Wait for External Events
#[forge::workflow(timeout = "7d")]
pub async fn approval_workflow(ctx: &WorkflowContext, request: ApprovalRequest) -> Result<bool> {
ctx.step("notify_approver", || async {
send_approval_request(&request.approver_email, request.id).await
})
.run()
.await?;
// Wait up to 7 days for approval event
let decision: ApprovalDecision = ctx.wait_for_event(
"approval_decision",
Some(Duration::from_secs(7 * 24 * 60 * 60)),
).await?;
ctx.step("process_decision", || async {
if decision.approved {
execute_request(request.id).await
} else {
reject_request(request.id, &decision.reason).await
}
})
.run()
.await?;
Ok(decision.approved)
}
External systems send events using the workflow run ID for correlation:
// From a webhook or another service
sqlx::query(
"INSERT INTO forge_workflow_events (event_name, correlation_id, payload)
VALUES ($1, $2, $3)"
)
.bind("approval_decision")
.bind(workflow_run_id.to_string())
.bind(json!({ "approved": true }))
.execute(&pool)
.await?;
Parallel Step Execution
Run independent steps concurrently:
#[forge::workflow]
pub async fn onboard_user(ctx: &WorkflowContext, user: NewUser) -> Result<OnboardingResult> {
let results = ctx.parallel()
.step("create_account", || async {
create_user_account(&user).await
})
.step("setup_billing", || async {
create_billing_profile(&user).await
})
.step_with_compensate(
"provision_resources",
|| async { provision_cloud_resources(&user).await },
|resources| async move { cleanup_resources(&resources).await }
)
.run()
.await?;
let account: Account = results.get("create_account")?;
let billing: BillingProfile = results.get("setup_billing")?;
let resources: CloudResources = results.get("provision_resources")?;
Ok(OnboardingResult { account, billing, resources })
}
Parallel steps execute concurrently. If any step fails, compensation runs for all completed steps.

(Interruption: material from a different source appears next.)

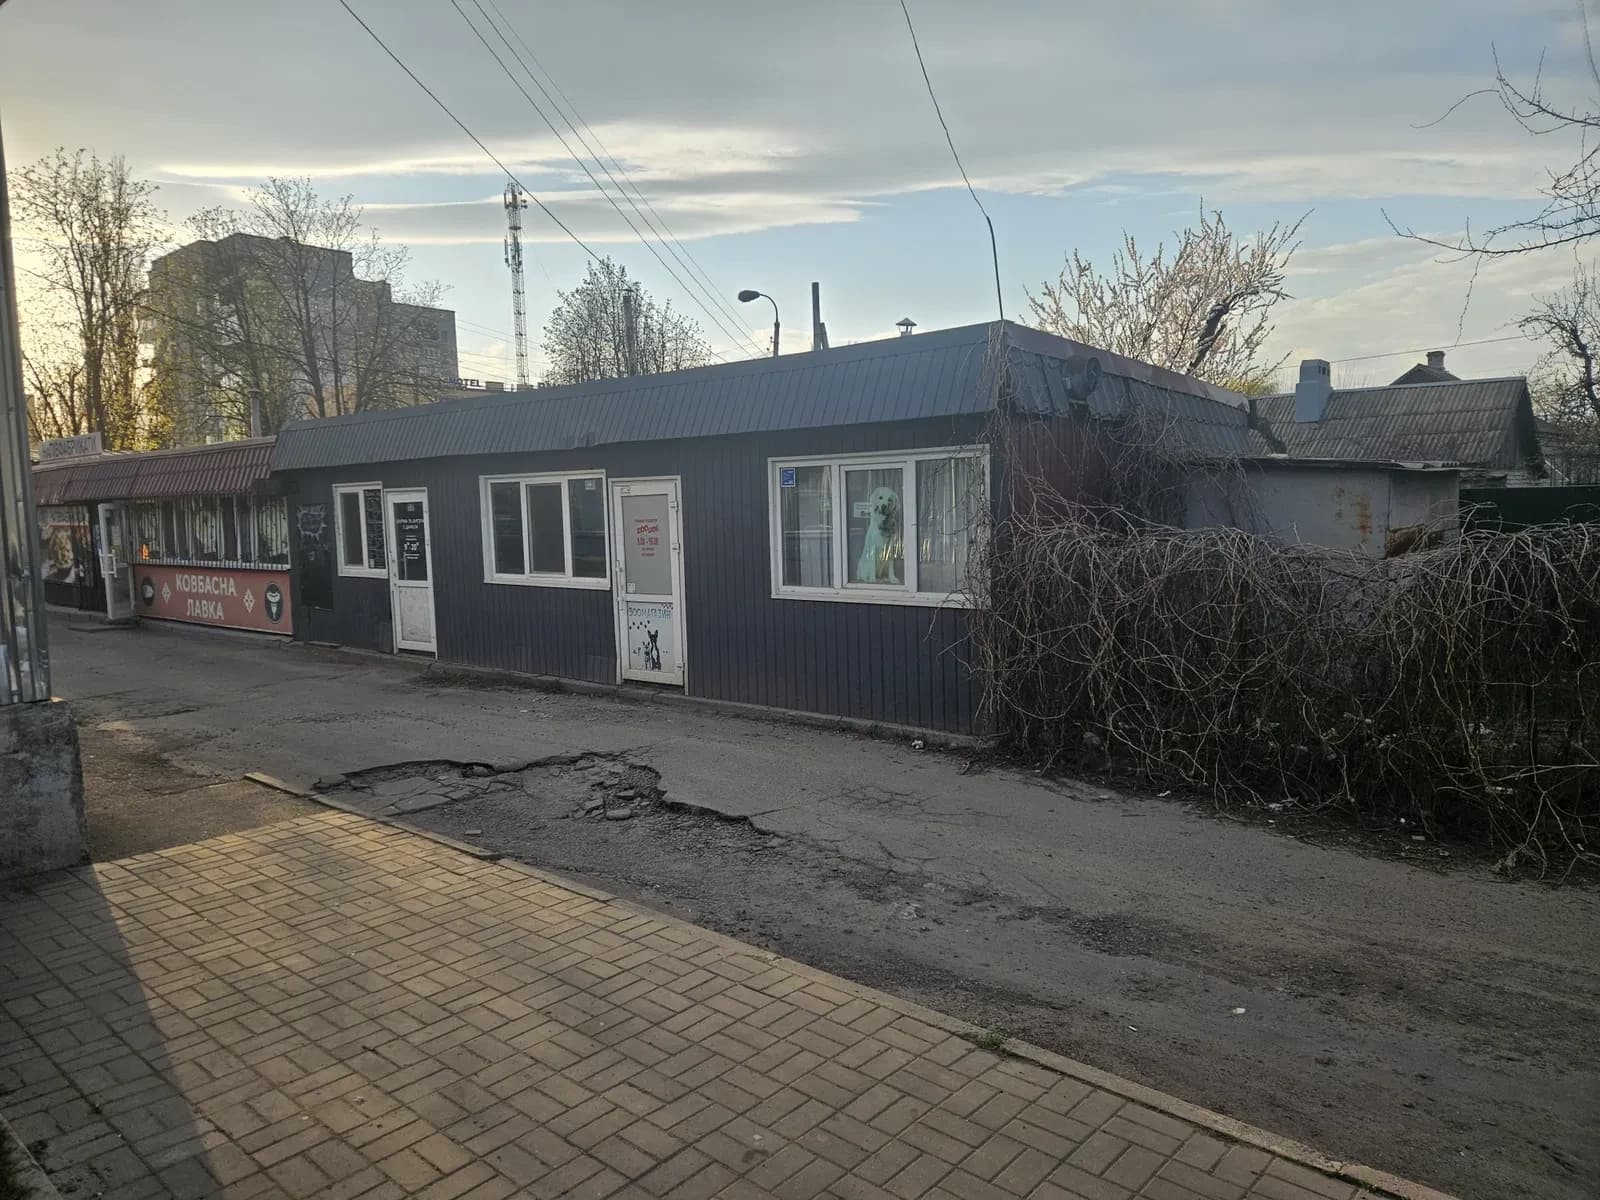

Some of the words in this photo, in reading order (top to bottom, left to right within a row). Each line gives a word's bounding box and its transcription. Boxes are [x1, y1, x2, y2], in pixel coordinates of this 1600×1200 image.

[176, 573, 236, 596] КОВБАСНА
[187, 599, 224, 620] ЛАВКА
[628, 606, 671, 619] ЗООМАГАЗИН

Deterministic Time for Replay
Use workflow_time() instead of Utc::now() for timestamps that need to be consistent across replays:
#[forge::workflow]
pub async fn create_invoice(ctx: &WorkflowContext, order: Order) -> Result<Invoice> {
let invoice_date = ctx.workflow_time(); // Consistent across replays
ctx.step("generate_invoice", || async {
Invoice::create(order.id, invoice_date).await
})
.run()
.await
}
When a workflow resumes after restart, workflow_time() returns the original execution time, not the current time. This ensures idempotent step behavior.
Low-Level Step API
For full control, use the manual step tracking API:
#[forge::workflow]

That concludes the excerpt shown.